::: RECORDS SHOWN
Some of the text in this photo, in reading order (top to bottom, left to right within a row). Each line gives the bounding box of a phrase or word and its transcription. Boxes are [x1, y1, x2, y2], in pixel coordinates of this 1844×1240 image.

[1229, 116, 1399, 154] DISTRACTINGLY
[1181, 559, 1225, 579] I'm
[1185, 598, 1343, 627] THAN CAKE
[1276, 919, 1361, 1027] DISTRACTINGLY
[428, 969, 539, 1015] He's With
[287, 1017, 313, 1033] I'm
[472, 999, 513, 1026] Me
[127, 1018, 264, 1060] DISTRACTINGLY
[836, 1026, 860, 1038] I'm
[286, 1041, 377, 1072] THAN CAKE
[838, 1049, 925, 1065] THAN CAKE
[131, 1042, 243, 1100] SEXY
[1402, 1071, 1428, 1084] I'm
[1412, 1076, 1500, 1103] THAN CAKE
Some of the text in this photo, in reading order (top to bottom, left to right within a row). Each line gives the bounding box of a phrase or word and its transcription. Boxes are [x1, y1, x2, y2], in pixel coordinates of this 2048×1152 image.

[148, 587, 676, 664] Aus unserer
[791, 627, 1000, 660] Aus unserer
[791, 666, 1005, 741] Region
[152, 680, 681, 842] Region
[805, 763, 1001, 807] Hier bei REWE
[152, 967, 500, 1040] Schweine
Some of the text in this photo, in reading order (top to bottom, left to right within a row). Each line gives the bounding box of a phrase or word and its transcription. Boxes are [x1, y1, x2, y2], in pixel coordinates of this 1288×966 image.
::::::
WORK INSTRUCTIONS: The required result is a verbatim copy of all the entries.

RESPONSE TO THE TASK:
Some of the text in this photo, in reading order (top to bottom, left to right within a row). Each line gives the bounding box of a phrase or word and its transcription. Boxes are [x1, y1, x2, y2], in pixel coordinates of this 1844×1240 image.

[1229, 116, 1399, 154] DISTRACTINGLY
[1181, 559, 1225, 579] I'm
[1185, 598, 1343, 627] THAN CAKE
[1276, 919, 1361, 1027] DISTRACTINGLY
[428, 969, 539, 1015] He's With
[287, 1017, 313, 1033] I'm
[472, 999, 513, 1026] Me
[127, 1018, 264, 1060] DISTRACTINGLY
[836, 1026, 860, 1038] I'm
[286, 1041, 377, 1072] THAN CAKE
[838, 1049, 925, 1065] THAN CAKE
[131, 1042, 243, 1100] SEXY
[1402, 1071, 1428, 1084] I'm
[1412, 1076, 1500, 1103] THAN CAKE
Some of the text in this photo, in reading order (top to bottom, left to right within a row). Each line gives the bounding box of a phrase or word and its transcription. Boxes are [x1, y1, x2, y2], in pixel coordinates of this 2048×1152 image.

[148, 587, 676, 664] Aus unserer
[791, 627, 1000, 660] Aus unserer
[791, 666, 1005, 741] Region
[152, 680, 681, 842] Region
[805, 763, 1001, 807] Hier bei REWE
[152, 967, 500, 1040] Schweine
Some of the text in this photo, in reading order (top to bottom, left to right within a row). Each line gives the bounding box of a phrase or word and its transcription. Boxes are [x1, y1, x2, y2], in pixel coordinates of this 1288×966 image.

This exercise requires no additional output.